Thanks! I still love it, even all these weeks later.

Worked perfectly straight off the bed. Cutest print ever!

Excellent, glad to hear it!

Per AdanA's suggestion, I scaled it to 60% of the original size.  I had to use some pliers to loosen the wheels after it had fully cooled, but it rolls!  And it's 40% cuter.

Nice! Technically, if you calculate by volume change instead of the linear scaling, it's 100% - (60%)^3 = 78.4% cuter! If I did the math right...

almost good ^^'

Uh oh, does yours not work well? It looks good, for what that's worth!

I am finally getting a chance to print one for myself this afternoon. We'll see how this goes.

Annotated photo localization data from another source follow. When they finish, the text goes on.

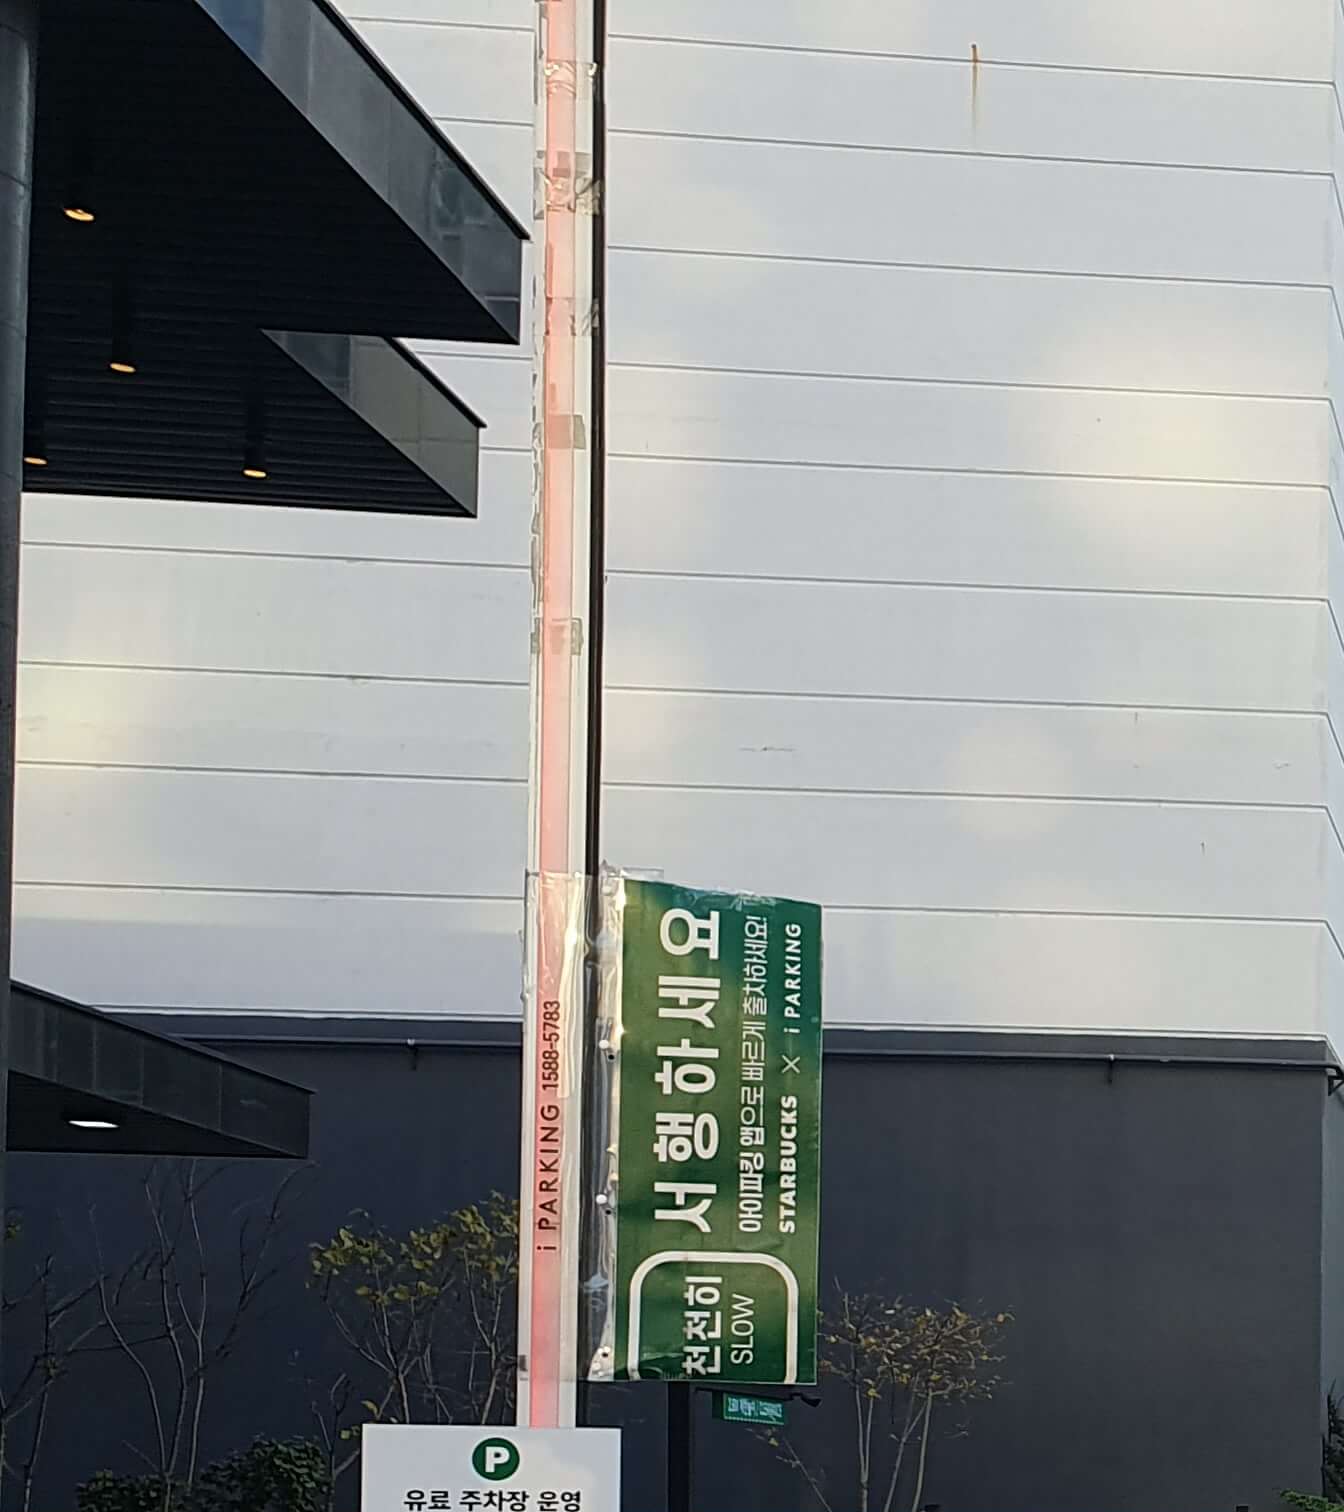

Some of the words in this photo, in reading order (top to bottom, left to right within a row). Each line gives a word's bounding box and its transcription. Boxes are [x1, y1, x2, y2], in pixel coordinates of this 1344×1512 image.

[742, 915, 768, 1016] 출차하세요!
[784, 923, 801, 1018] PARKING
[542, 1000, 560, 1091] 1588-5783
[654, 908, 720, 1233] 서행하세요
[741, 1021, 766, 1081] 빠르게
[740, 1086, 765, 1146] 앱으로
[538, 1105, 560, 1230] PARKING
[739, 1152, 765, 1232] 아이파킹
[779, 1095, 798, 1233] STARBUCKS
[682, 1276, 722, 1376] 천천히
[731, 1293, 755, 1365] SLOW
[404, 1490, 451, 1511] 유료
[459, 1490, 529, 1511] 주차장
[537, 1491, 581, 1512] 운영

Printed nice at 1:1. Sliced with slic3r dev from git on a sells mendel with a. 5mm jhead at. 3mm layer hight. The wheels were stuck due to warping of the wheel holder edges but a bit of prying and trusting and they turn freely now.

Thanks for the cute toy!

Forgot to mention... Slic3r chewed through this in under 3 minutes...

Printed one, and couldn't pry the wheels loose. It's pretty small, perhaps 1.5 inches long, so I've doubled size and am printing another one. Fingers crossed!

Okay... reposted. Thanks for being a hedgehog guinea pig :-)

Yeah, it's definitely tiny as posted. I printed the minifig cart at that size and was amazed the wheels still worked.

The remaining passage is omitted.